Juba, South Sudan. Amirkambiz Hamedanizadeh, WHO Public Health Officer, Standby Partner Norwegian Refugee Council.
Amirkambiz Hamedanizadeh, WHO Public Health Officer, Standby Partner Norwegian Refugee Council.
WHO/South Sudan

Health emergencies can come with little or no warning. Saving lives and preventing the spread of a disease or the fallout of a natural disaster means getting relief resources onsite quickly. Crucially, this includes skilled and experienced personnel.

“Extra personnel must be in place quickly to support WHO’s emergency work, but emergencies can be a difficult time to identify the right staff and negotiate contracts”, said Dr Richard Brennan, Director of Emergency Management Operations at WHO.

For WHO one way of plugging this emergency skills gap has been via its Standby Partners Programme (SBP). This was set up using lessons learnt during the Ebola virus outbreak in West Africa.

The SBP links WHO with a group of quasi-Governmental organizations involved in emergency and relief work. They maintain their own rosters of experienced, trained, professionals ready to work on emergencies at short notice, including in challenging locations.

“Standby personnel have been critical in supporting WHO’s response operations to emergencies in Yemen, Syria, Somalia and South Sudan and the Ebola disease outbreak in West Africa,” said Dr Brennan.

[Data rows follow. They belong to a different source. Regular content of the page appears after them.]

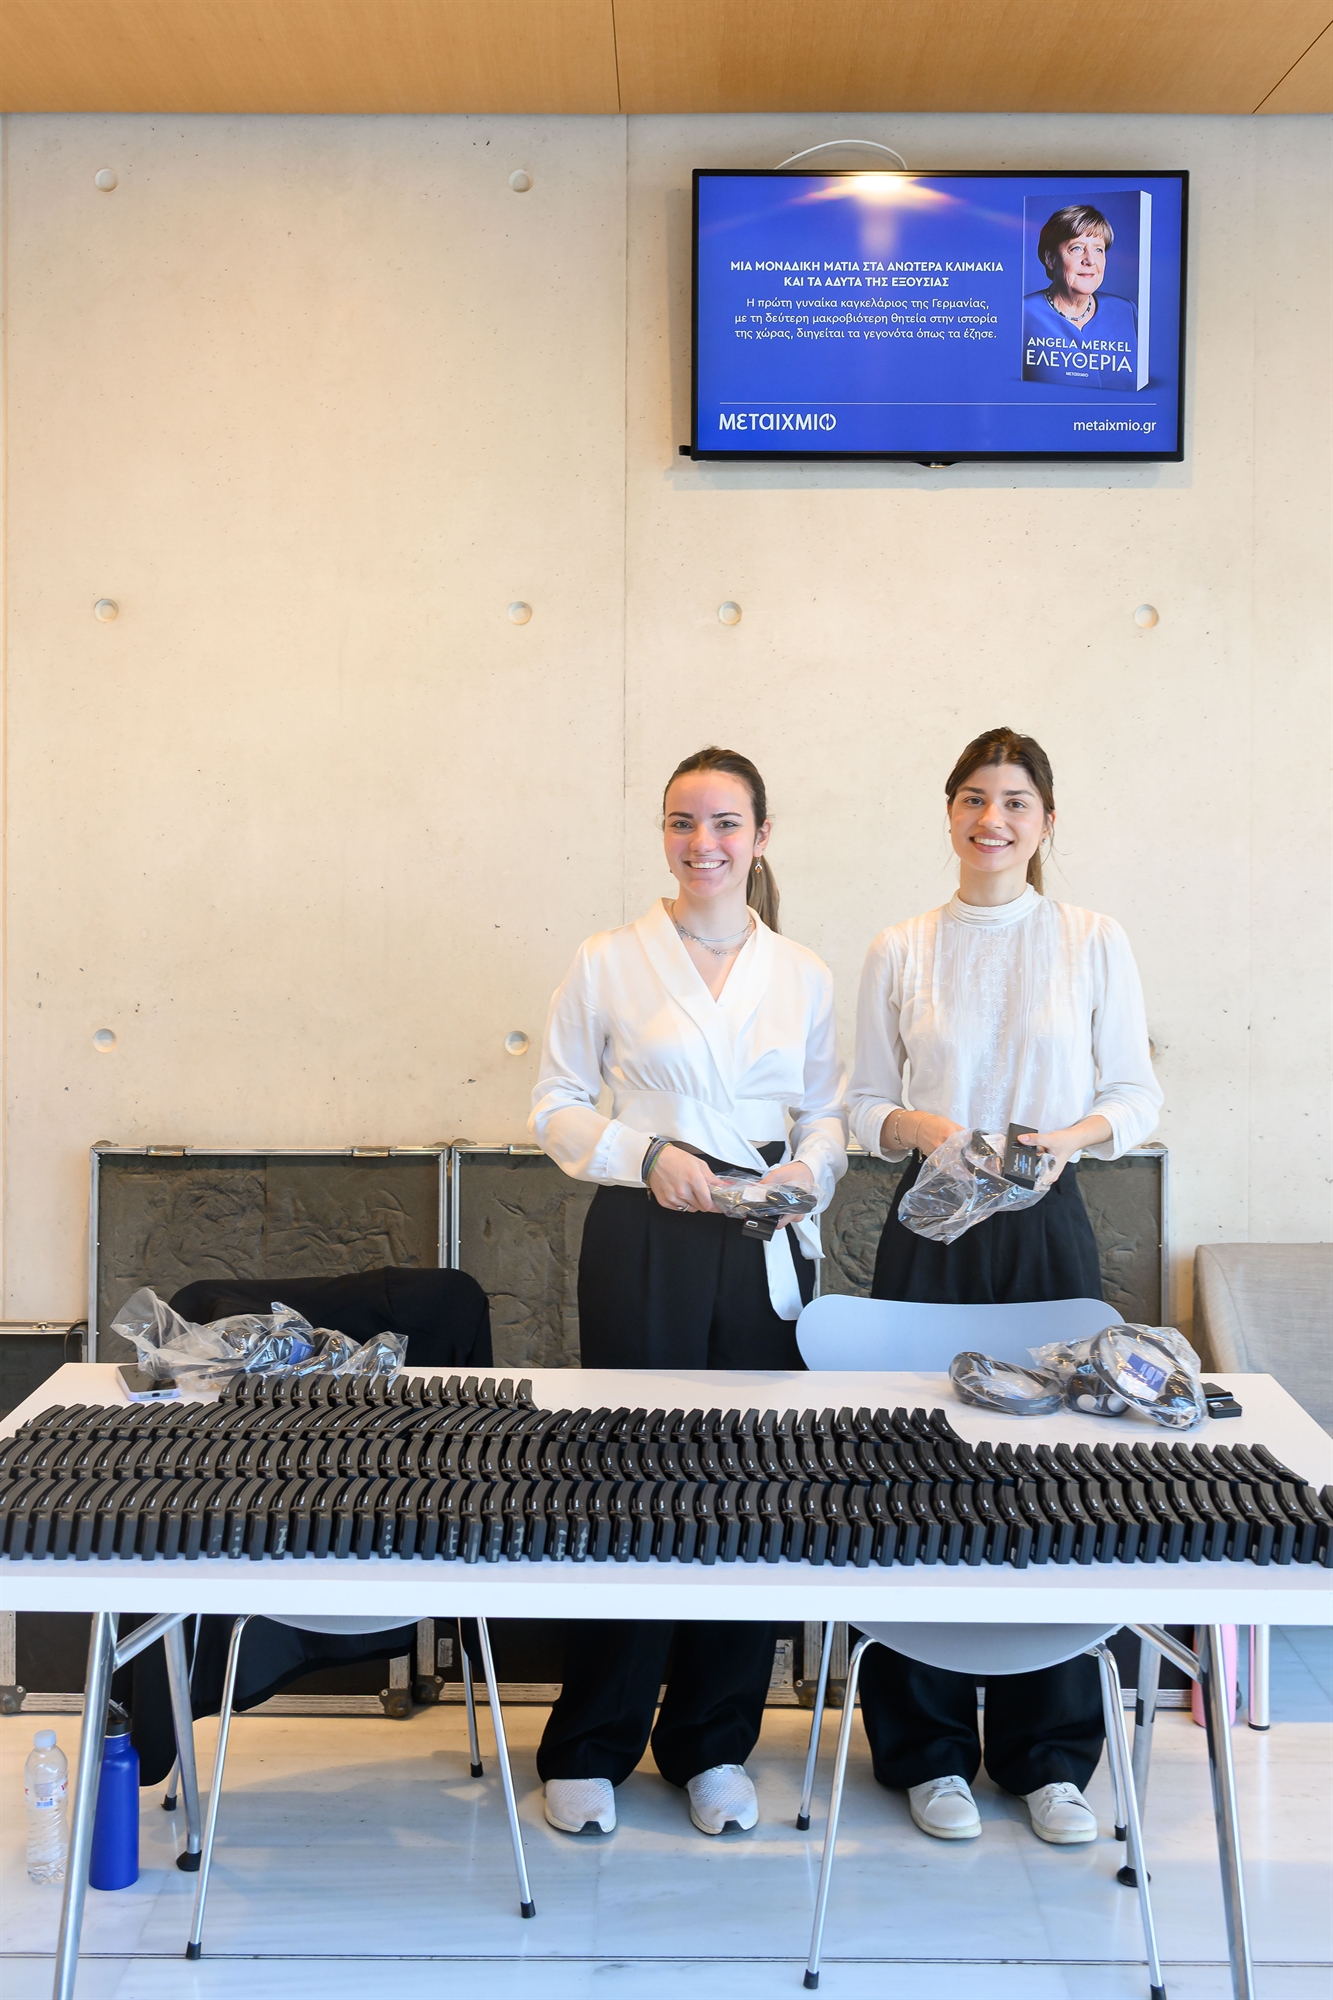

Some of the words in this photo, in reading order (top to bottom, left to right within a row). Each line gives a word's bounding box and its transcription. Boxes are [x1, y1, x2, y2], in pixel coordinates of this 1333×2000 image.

[731, 261, 752, 271] ΜΙΑ
[756, 261, 820, 272] ΜΟΝΑΔΙΚΗ
[824, 262, 859, 272] ΜΑΤΙΑ
[863, 262, 884, 272] ΣΤΑ
[887, 262, 942, 272] ΑΝΩΤΕΡΑ
[946, 262, 1003, 272] ΚΛΙΜΑΚΙΑ
[784, 277, 803, 287] ΚΑΙ
[807, 277, 822, 287] ΤΑ
[825, 277, 862, 287] ΑΔΥΤΑ
[865, 277, 888, 287] ΤΗΣ
[892, 277, 949, 287] ΕΞΟΥΣΙΑΣ
[747, 298, 754, 308] Η
[758, 297, 792, 310] πρώτη
[796, 297, 837, 310] γυναίκα
[841, 298, 907, 310] καγκελάριος
[911, 301, 928, 310] της
[932, 298, 989, 310] Γερμανίας,
[735, 316, 747, 325] με
[750, 316, 762, 325] τη
[766, 313, 809, 325] δεύτερη
[813, 313, 887, 325] μακροβιότερη
[891, 313, 926, 325] θητεία
[930, 316, 954, 326] στην
[958, 313, 997, 326] ιστορία
[735, 331, 752, 340] της
[756, 328, 793, 340] χώρας,
[797, 328, 844, 340] διηγείται
[848, 331, 860, 339] τα
[864, 328, 913, 340] γεγονότα
[917, 328, 945, 341] όπως
[948, 331, 960, 339] τα
[964, 328, 996, 341] έζησε.
[1027, 337, 1078, 349] ANGELA
[1081, 340, 1132, 353] MERKEL
[1026, 349, 1133, 373] ΕΛΕΥΘΕΡΙΑ
[1074, 419, 1156, 434] metaixmio.gr
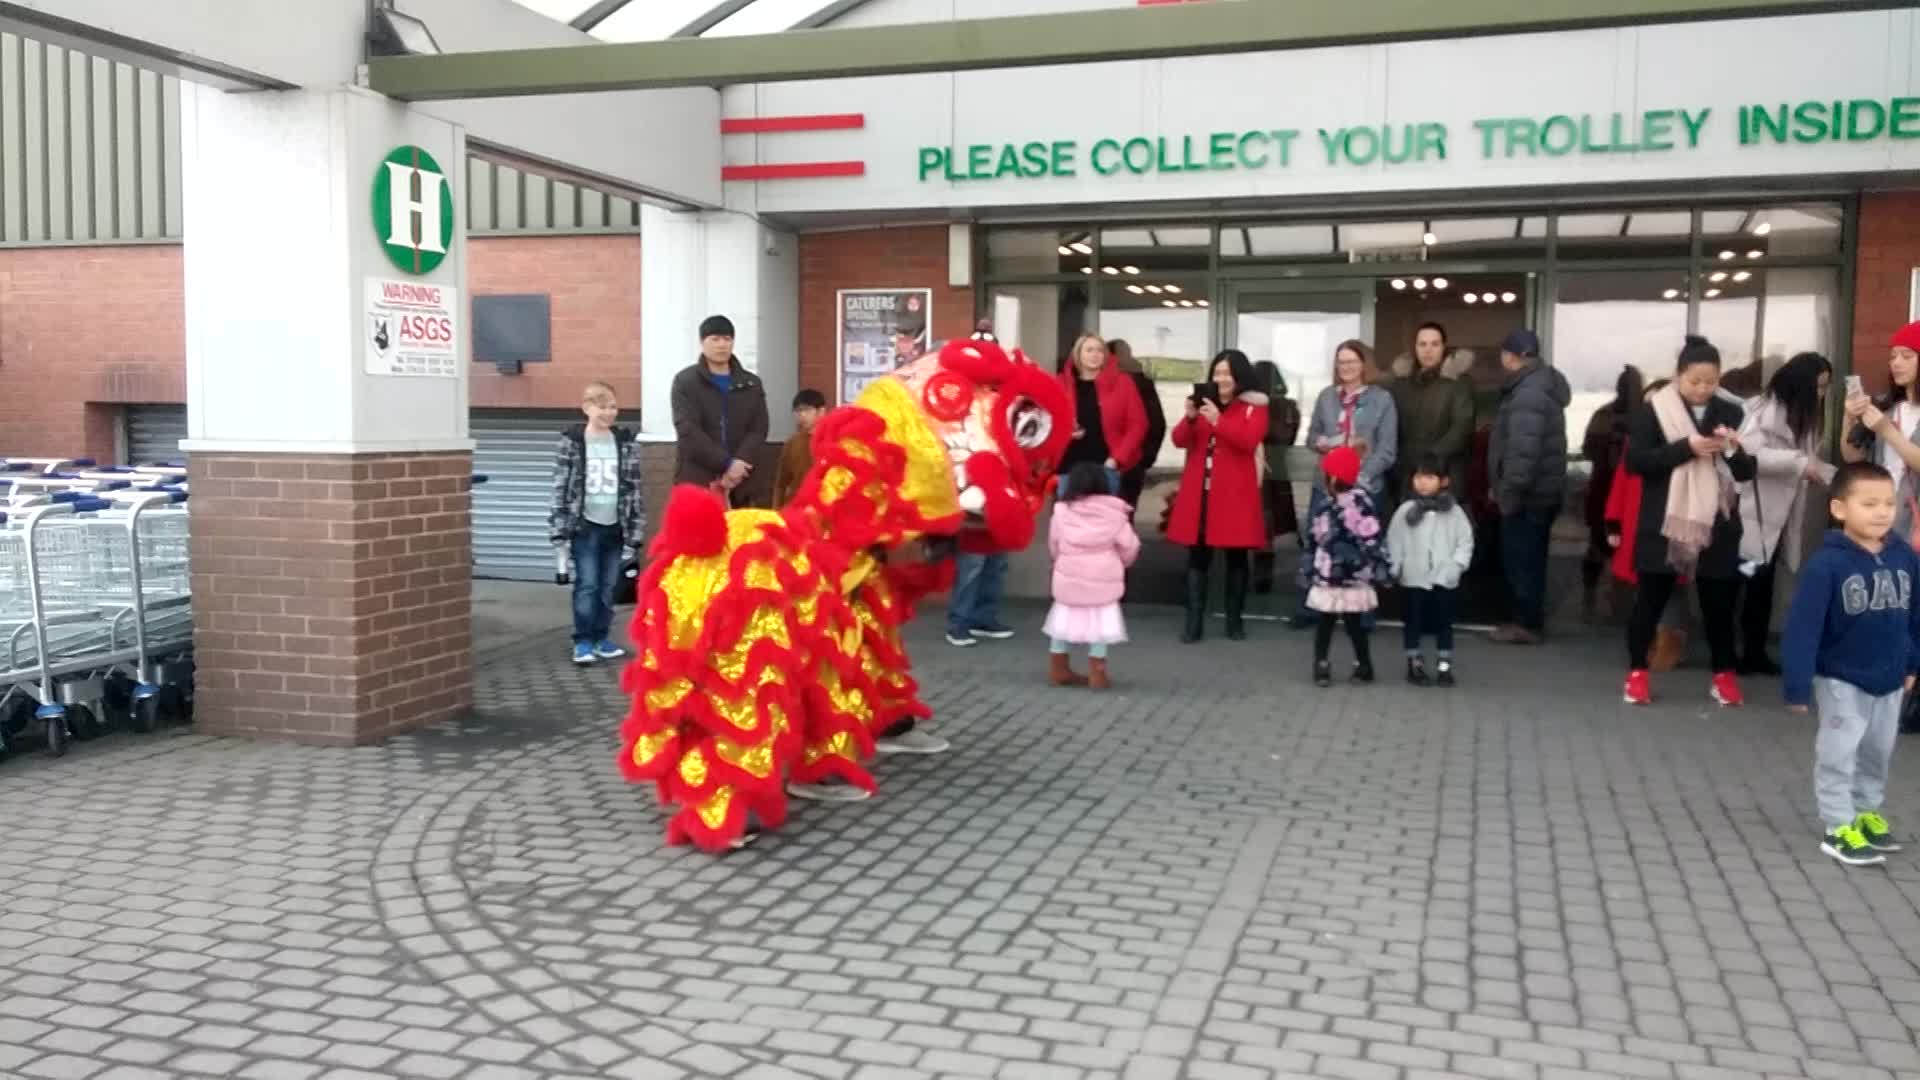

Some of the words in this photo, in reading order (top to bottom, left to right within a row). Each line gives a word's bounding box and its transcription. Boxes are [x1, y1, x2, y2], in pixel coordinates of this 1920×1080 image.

The deployment system has been designed for speed and simplicity. A WHO country office makes a request to their colleagues at headquarters in Geneva, who review the request and pass it on to the Standby Partners. The Partners respond within 48 hours, providing a list of people who are available to deploy within 72 hours. This means that (assuming no visa issues), an expert can be onsite in less than a week.

Deployments are initially for three to six months, although they can extend up to two years by mutual agreement.

“The SBP gives us access to a broader range of skill sets than we have in-house. This enables us to make a rapid, flexible, scalable response when emergencies happen,” said Indu Ahluwalia, Technical Officer for Standby Partners at WHO.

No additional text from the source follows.